Collected data:
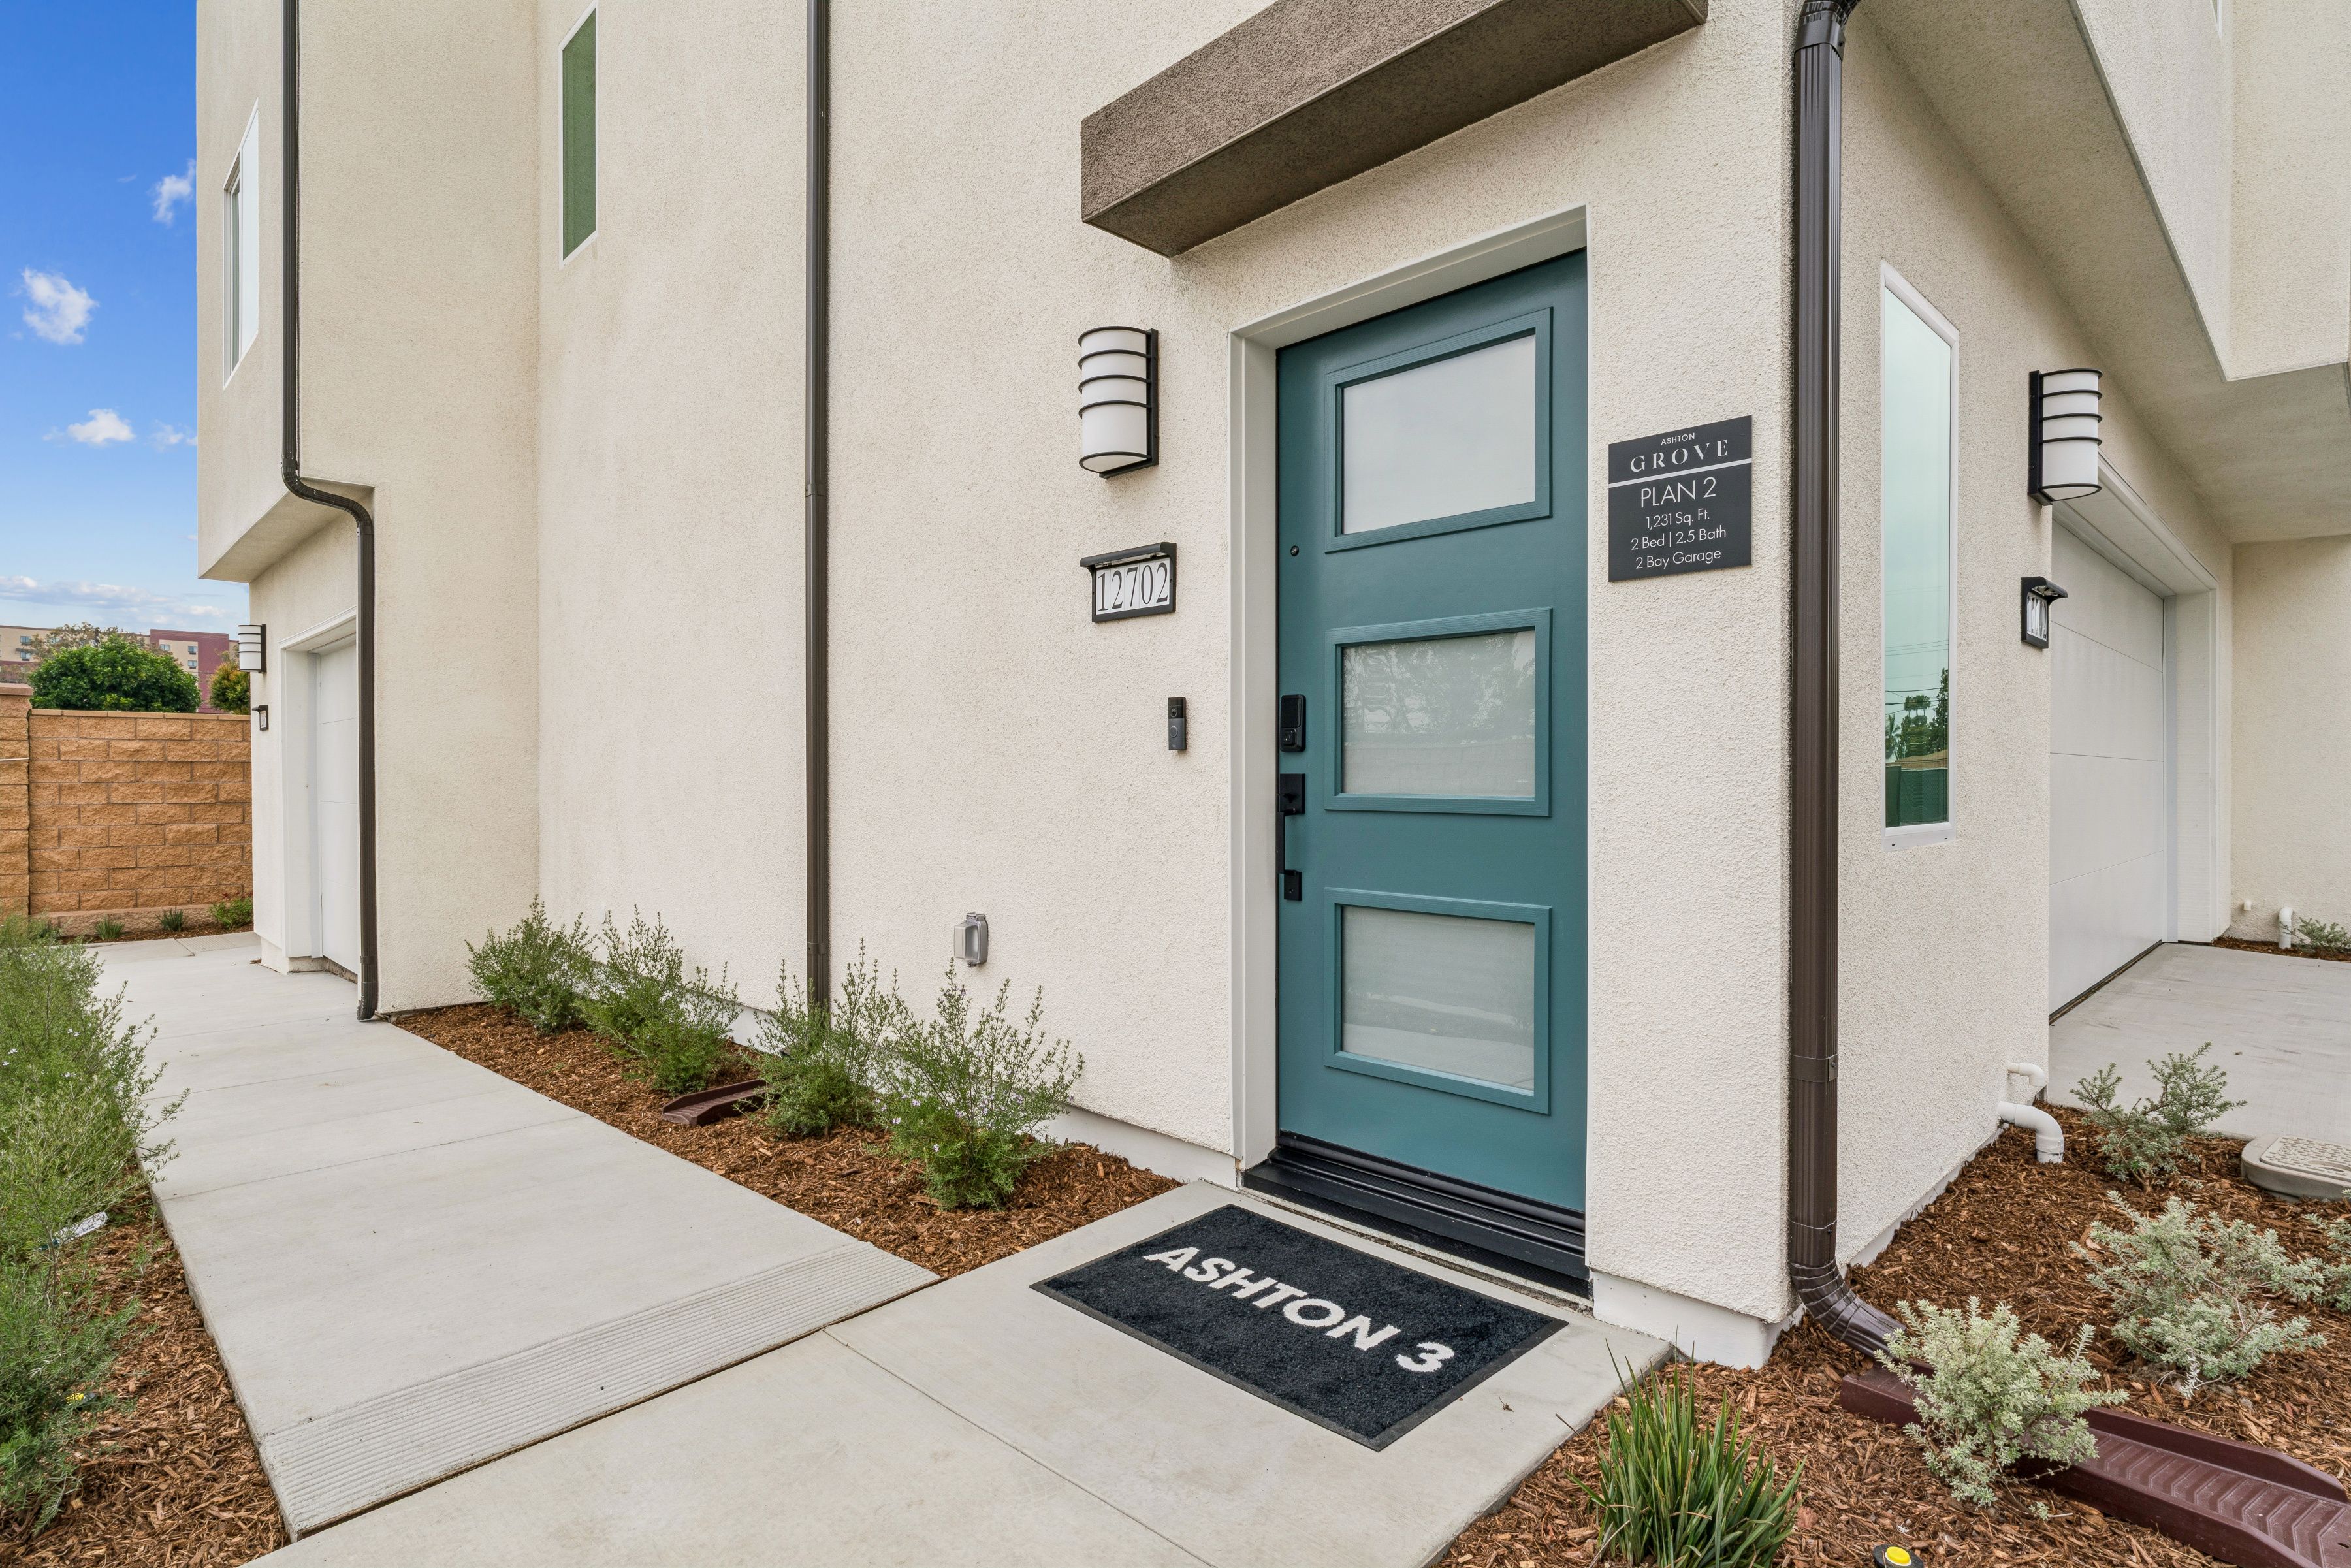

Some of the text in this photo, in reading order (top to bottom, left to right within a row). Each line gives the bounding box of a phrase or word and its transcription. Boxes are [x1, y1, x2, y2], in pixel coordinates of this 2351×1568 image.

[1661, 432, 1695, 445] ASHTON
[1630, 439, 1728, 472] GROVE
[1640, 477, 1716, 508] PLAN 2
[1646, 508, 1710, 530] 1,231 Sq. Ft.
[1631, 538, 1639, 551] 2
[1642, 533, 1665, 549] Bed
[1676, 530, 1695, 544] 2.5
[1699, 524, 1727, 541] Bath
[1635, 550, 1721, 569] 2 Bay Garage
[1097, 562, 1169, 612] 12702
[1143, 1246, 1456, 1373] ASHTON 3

→ **ASSIGNED TASK**:
Print all of the data exactly, and do not carry over any pictures.

→ **TASK SOLUTION**:
Some of the text in this photo, in reading order (top to bottom, left to right within a row). Each line gives the bounding box of a phrase or word and its transcription. Boxes are [x1, y1, x2, y2], in pixel coordinates of this 2351×1568 image.

[1661, 432, 1695, 445] ASHTON
[1630, 439, 1728, 472] GROVE
[1640, 477, 1716, 508] PLAN 2
[1646, 508, 1710, 530] 1,231 Sq. Ft.
[1631, 538, 1639, 551] 2
[1642, 533, 1665, 549] Bed
[1676, 530, 1695, 544] 2.5
[1699, 524, 1727, 541] Bath
[1635, 550, 1721, 569] 2 Bay Garage
[1097, 562, 1169, 612] 12702
[1143, 1246, 1456, 1373] ASHTON 3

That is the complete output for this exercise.